Sharon Grant hosts this episode of the Old Mole, which includes the following segments:
Climate Insurgency: Bill Resnick interviews Jeremy Brecher, a writer and activist, who cofounded the Labor Network for Sustainability and wrote the book Climate Insurgency, a Strategy for Survival. It envisions mass global nonviolent action to force the mobilization of all resources as did the U.S. in World War II to reconstruct the economy and ways of life to restore the ecosystems upon which our lives depend. Bill and Jeremy discuss the great range of climate action organizations and efforts in this country, how these represent an embryo that might well develop into mass global non-violent action, and precedents for such a mass movement in the U.S., like the 60s Civil Rights insurgency and the labor movement of the 30s and 40s.

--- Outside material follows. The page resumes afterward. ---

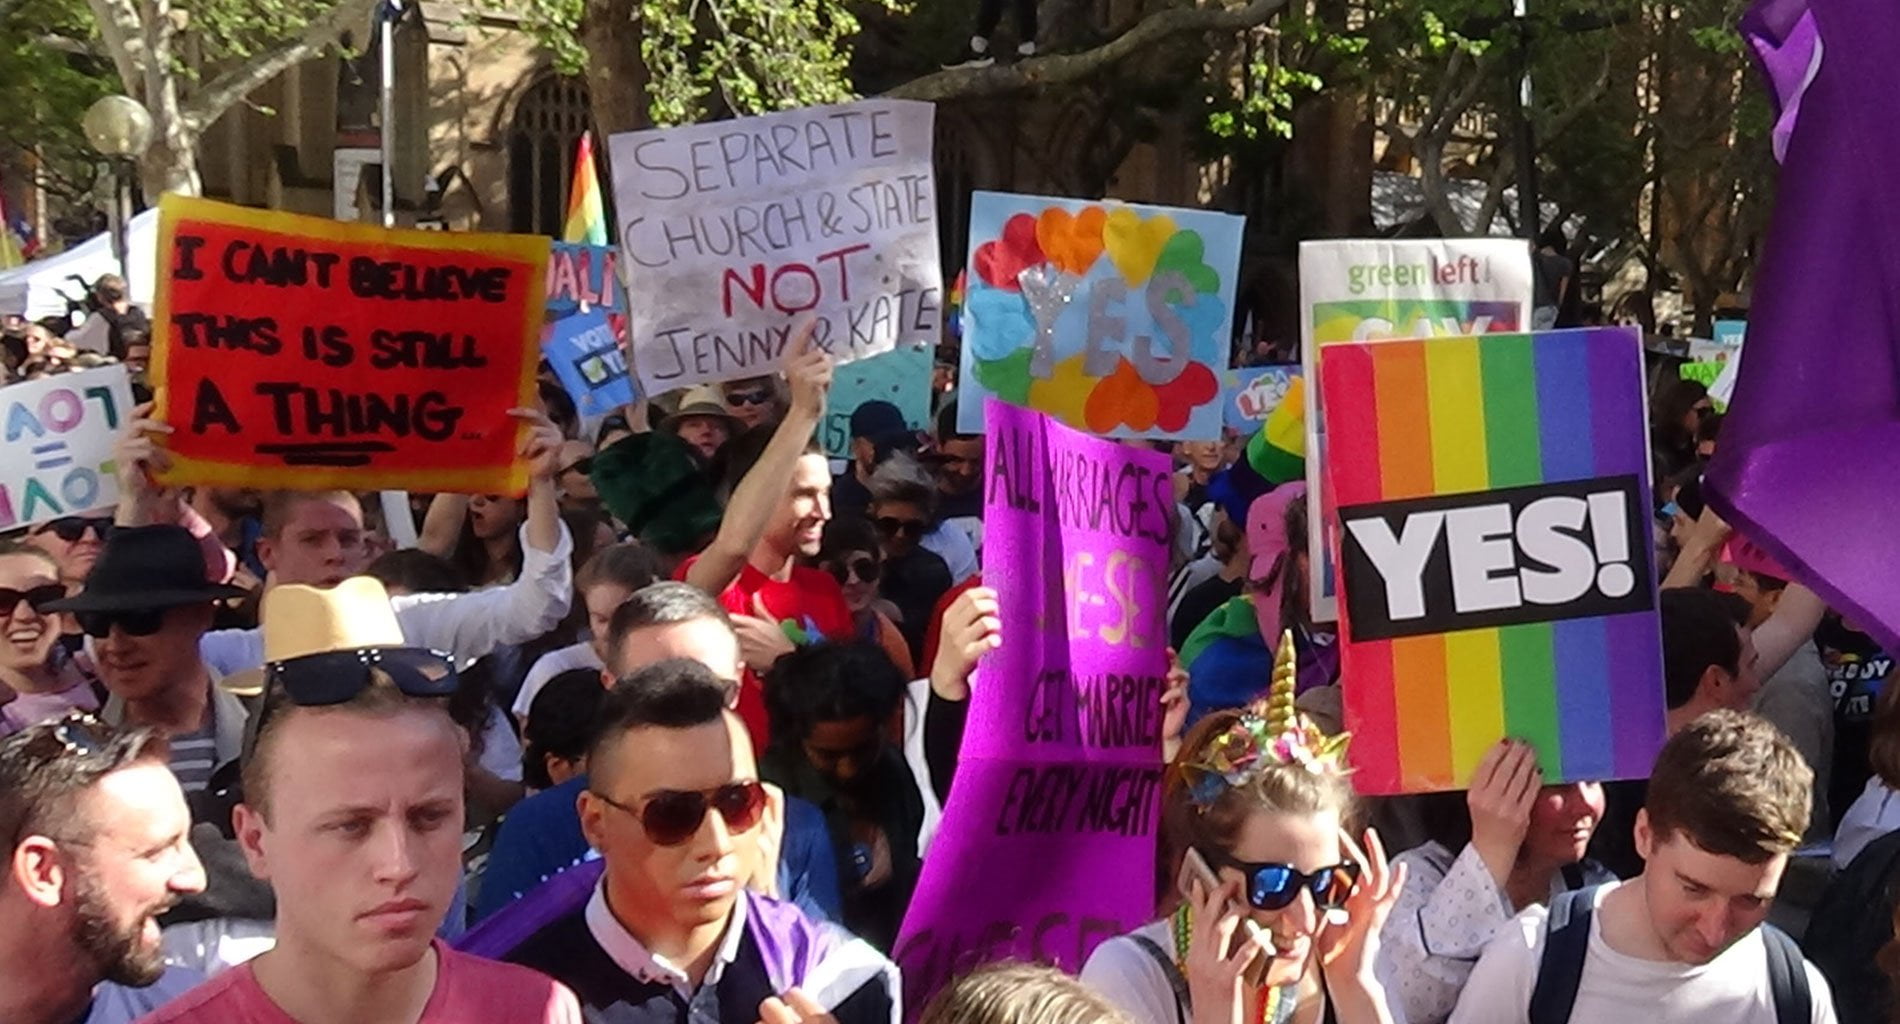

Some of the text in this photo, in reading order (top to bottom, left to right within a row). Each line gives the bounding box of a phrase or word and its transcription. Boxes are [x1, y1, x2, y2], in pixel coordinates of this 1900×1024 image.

Native Storytelling in the Film Antlers: Jan Haaken talks with Grace DiIlon about Antlers, a film set in a decaying mining town in Oregon where people are threatened by Wendigo, a cannibalistic character that has deep roots in Native storytelling. Grace served as an Indigenous advisor to the film and she talks with Jan about how this story was taken up in the film and what was important about the character as portrayed as allegory. Grace Dillon is professor of Indigenous Nations Studies at Portland State University and coined the term, Indigenous futurism, paying homage to Afrofuturism, which weaves in traditional knowledge and culture with futuristic ideas and settings.
A Charlie Brown Christmas: Joe Clement and special guest Dennis Gravy review the classic Christmas-time cartoon, "A Charlie Brown Christmas". They consider anti-commercialism, alienation, cultural appropriation, white supremacy, and why the "workers revolution" that seems to promise an answer to Charlie Brown's problems falls flat. Dennis Gravy is a member of the Industrial Workers of the World. This show originally aired in December 2015.